Katharine R. McD.—Thanks for your kindness in copying for us the metrical table of the Kings and Queens of England. It will be better, however, for the boys and girls to go to the history of England; and follow the line of the royal succession for themselves. We prize most what costs us most labor.


Beacon Beach, Oneida Lake, New York.

Dear Postmistress,—I am in the woods now, but am soon going up town to my home. I was ten years old a few weeks ago, and my papa has given me Harper's Young People for a birthday present ever since it began. The other day my mamma and I took a walk in the woods, and found two kinds of fungus—one was the "earth star" (a good description of which is in Appleton's Cyclopædia), the other was tiny toadstools growing on oak leaves in the sand, with slender, shining stems, black as ebony, and whitish tops, which look as if designed for fairy parasols. Would you please tell me the name?

I have a puzzle for the C. Y. P. R. U.'s that I found in a newspaper: "I went out in the woods and got it; after I got it, I looked for it; the more I looked for it the less I liked it; I brought it home in my hand because I couldn't find it."

Irma C. F.

Who can guess the answer to Irma's puzzle? I will give you three weeks to think it over, and will tell you the answer in No. 114. I am sorry that it is not possible from the description to identify the particular kind of fungus which Irma has found. There are more than two hundred fungi which infest the living oak, and myriads more which grow on dead leaves. Even were the fairy parasol sent, it would probably be withered by the time it reached this Post-office Box.

I am very much obliged to dear Irma for writing plainly on purpose to save my eyes. The eyes of a busy Postmistress like myself have to work pretty steadily, and they always feel thankful to such thoughtful little girls. But you ought to see how indignantly they snap when some of the pencilled letters arrive, almost faded out before the Postmistress gets hold of them.
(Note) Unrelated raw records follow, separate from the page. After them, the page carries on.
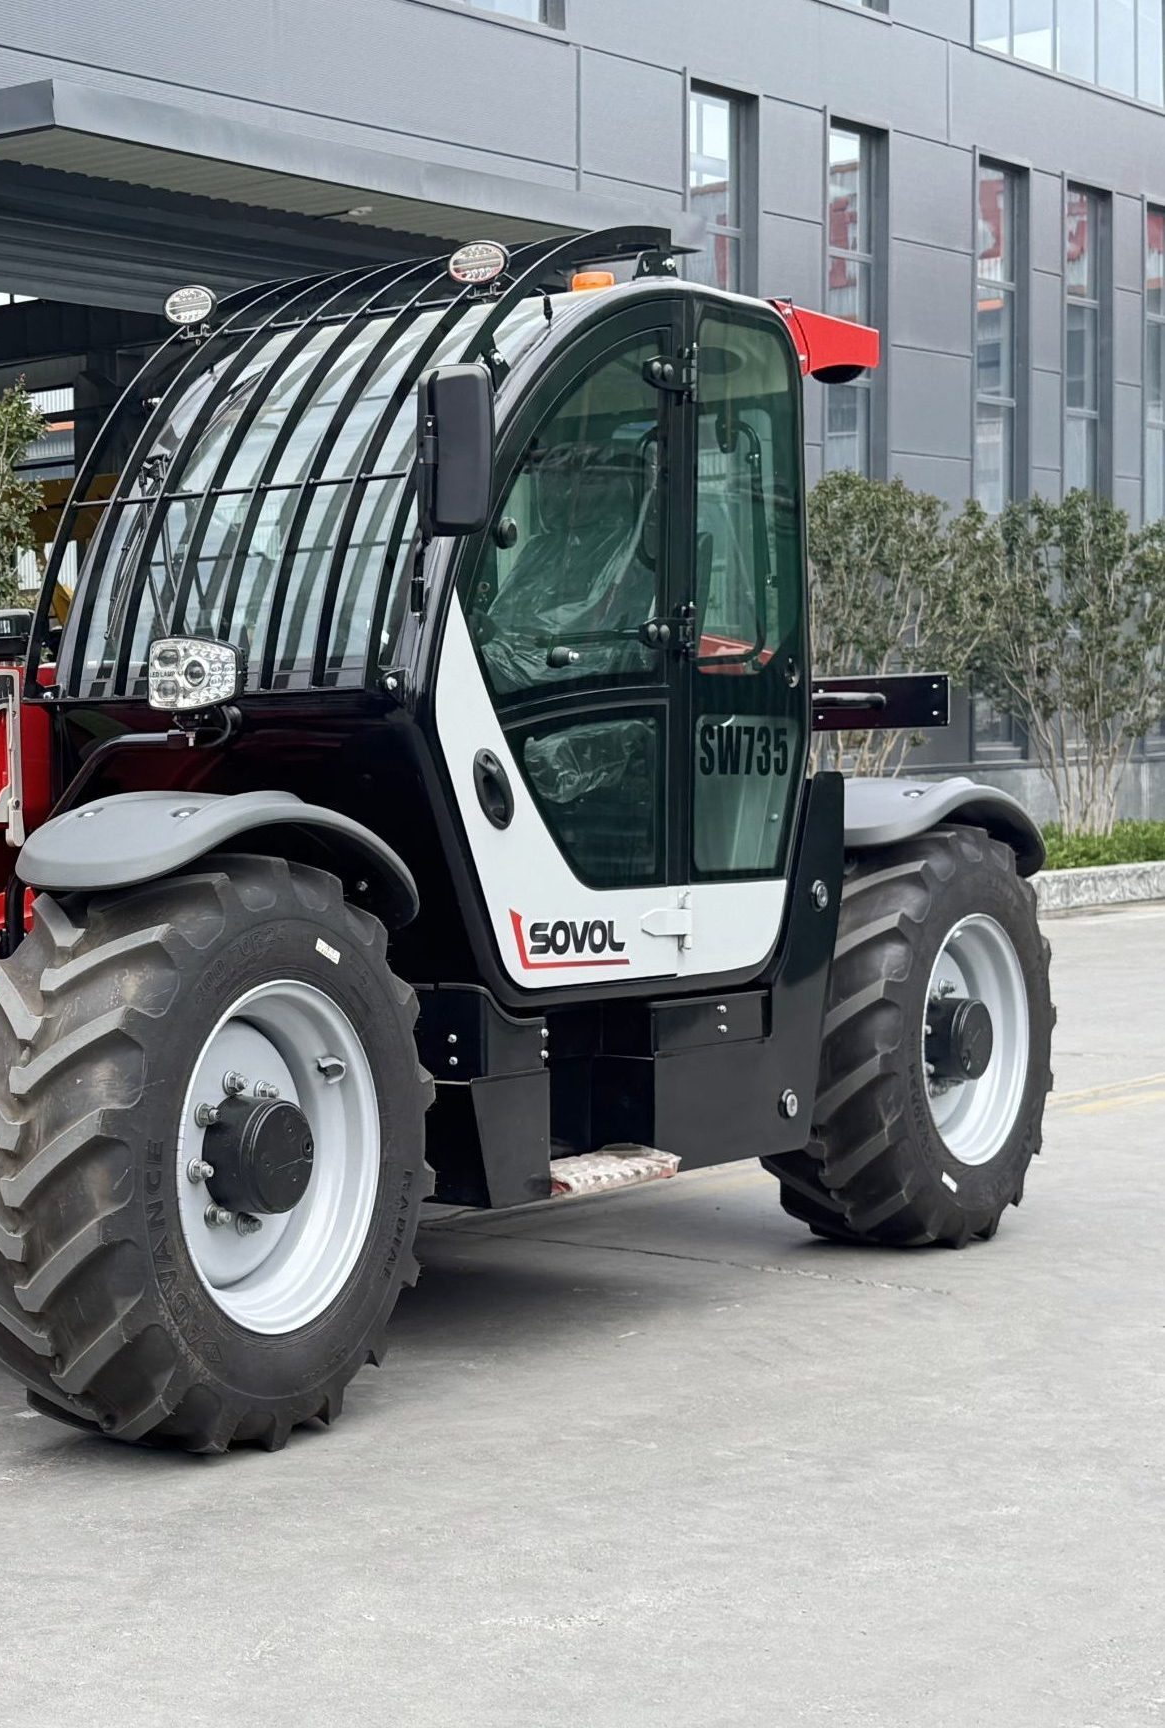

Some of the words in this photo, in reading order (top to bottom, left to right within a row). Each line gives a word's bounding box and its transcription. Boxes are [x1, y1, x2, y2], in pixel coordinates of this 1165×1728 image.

[6, 677, 11, 687] 0
[699, 724, 788, 776] SW735
[528, 919, 626, 955] SOVOL
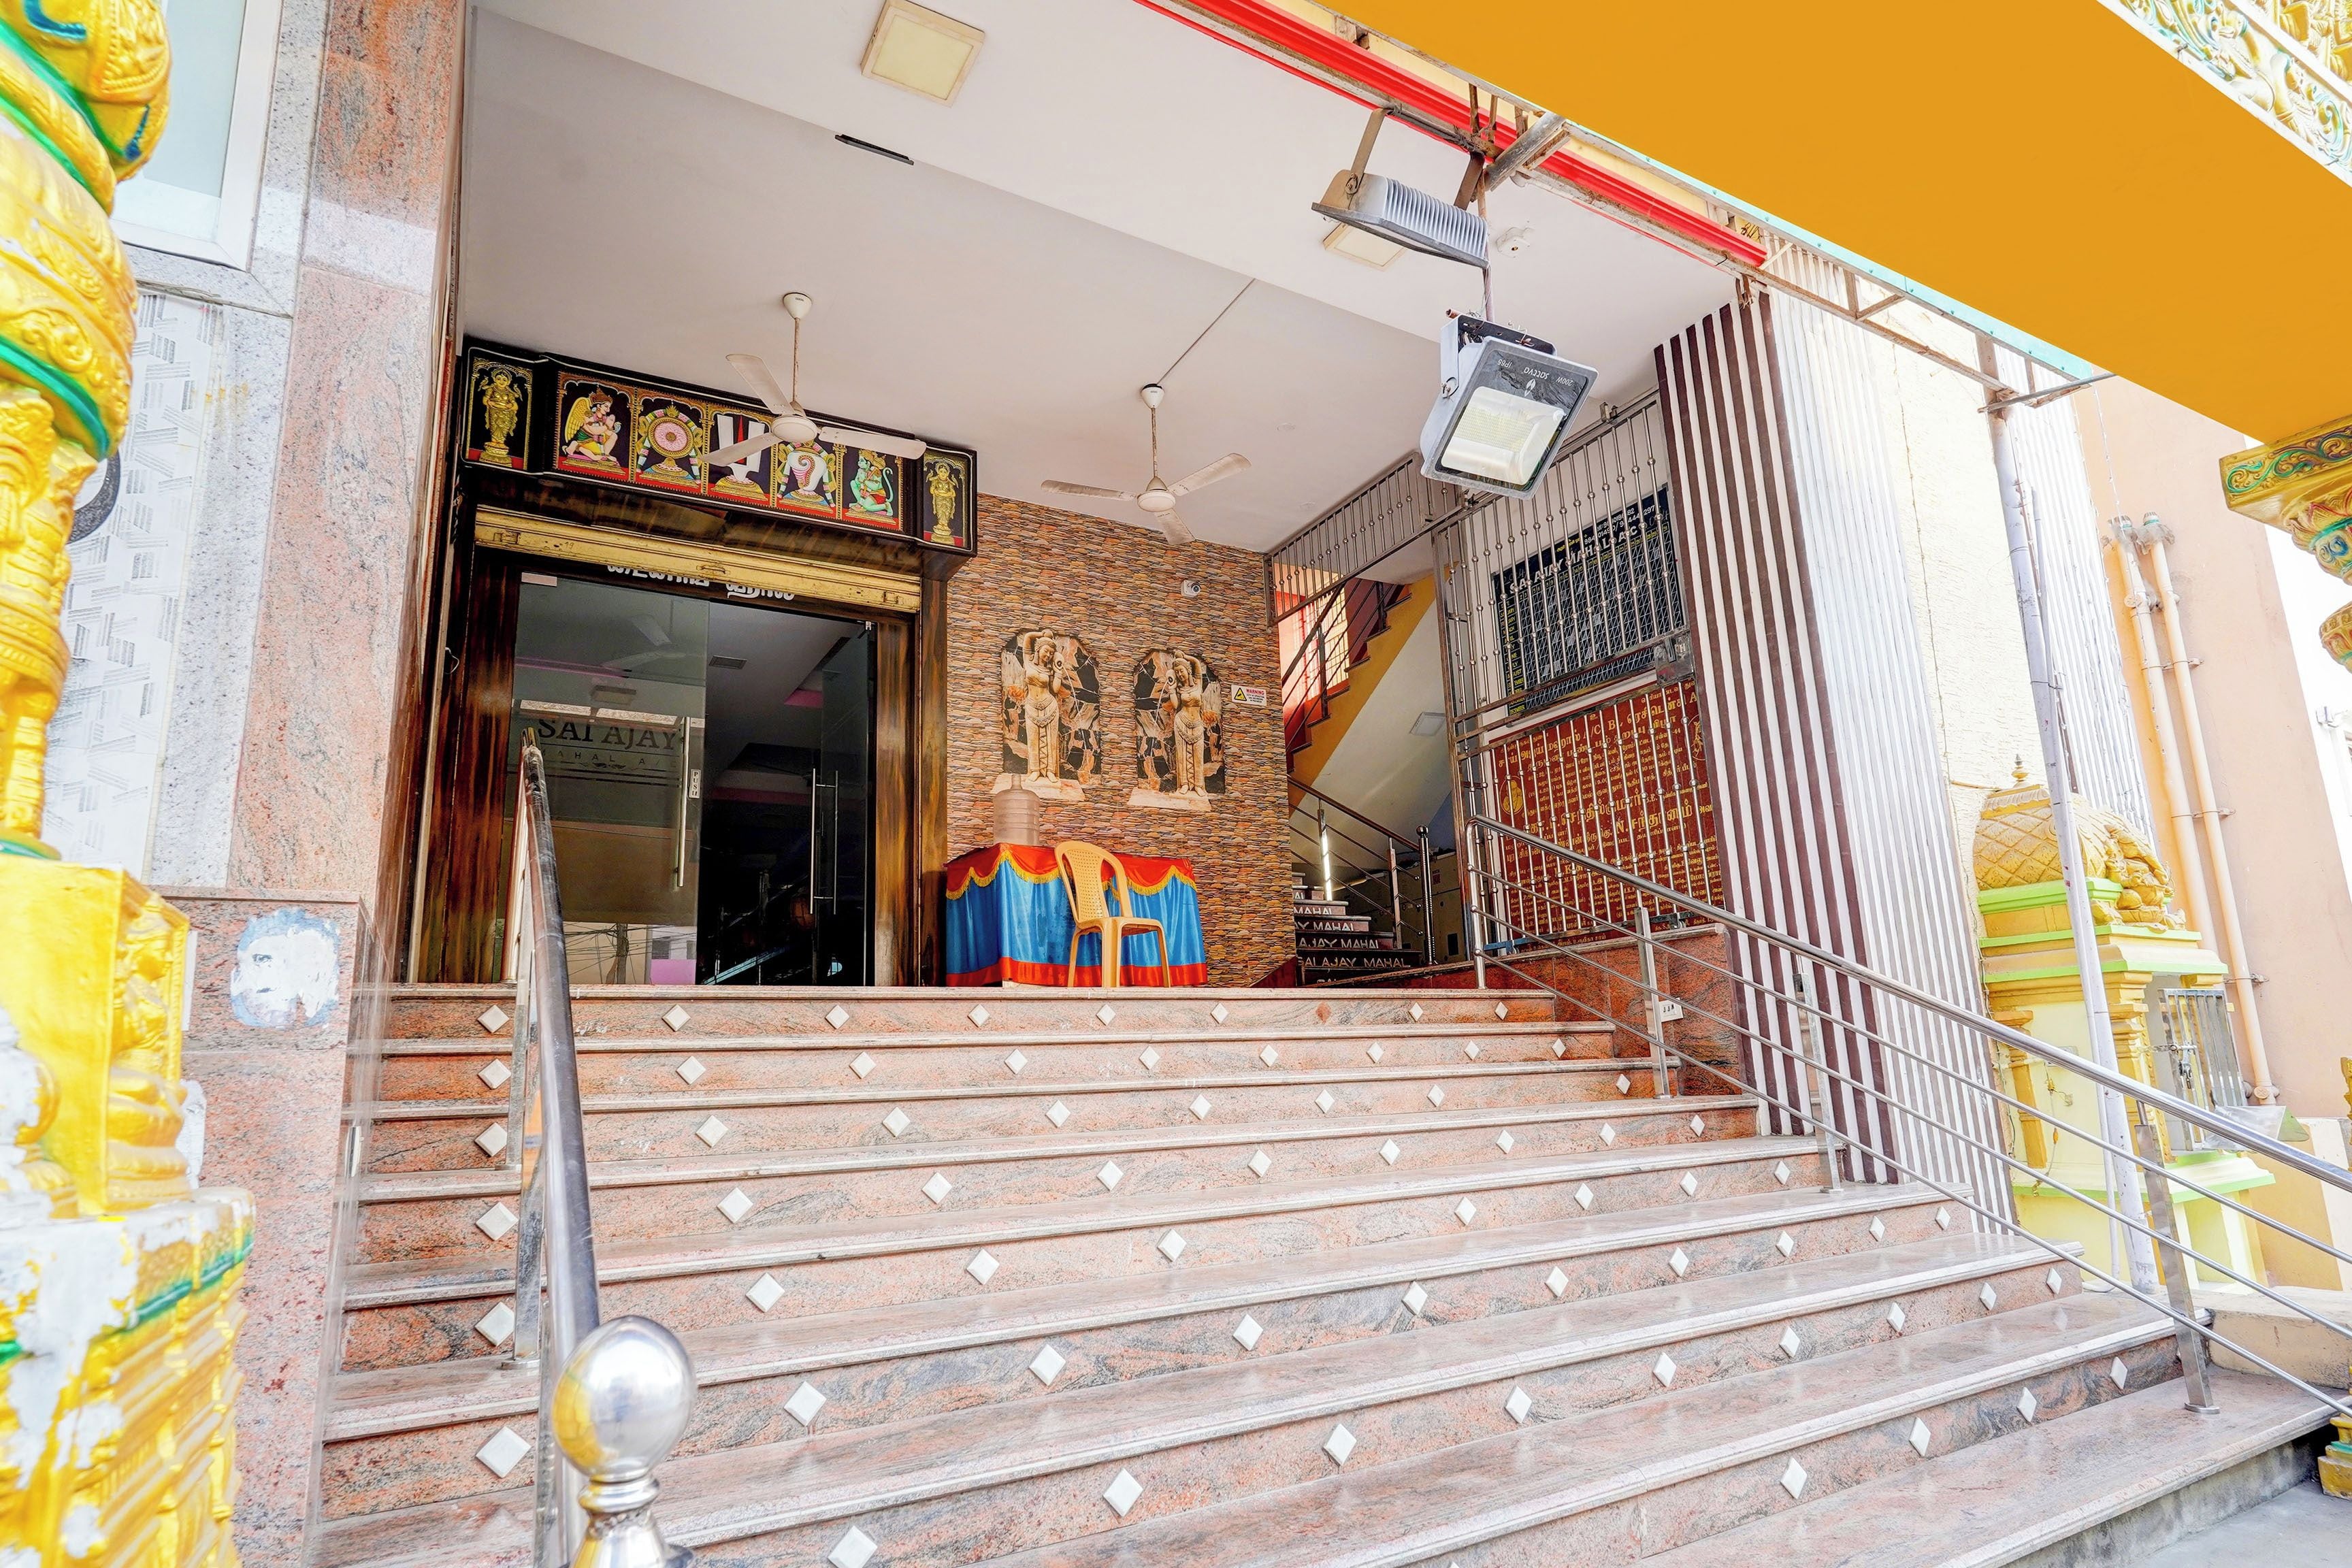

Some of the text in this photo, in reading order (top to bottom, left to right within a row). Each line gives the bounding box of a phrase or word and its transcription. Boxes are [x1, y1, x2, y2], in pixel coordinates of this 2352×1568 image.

[1556, 376, 1573, 387] 200W
[538, 718, 676, 750] SAI AJAY
[1322, 957, 1357, 968] AJAY
[1364, 958, 1411, 968] MAHAL
The members of the C. Y. P. R. U. will find in this number, under the title of "The Fairy Fungi," by Mrs. S. B. Herrick, a most interesting account of the good and mischief worked by these strange little inmates of the vegetable world. The article on "Children of the Pantomime," by Mrs. Helen S. Conant, gives a striking and pathetic picture of the lives led by the children who are employed by London managers in getting up these entertainments. "A Novel Present" will help some of the girl readers who are undecided what to make for some little friend for Christmas.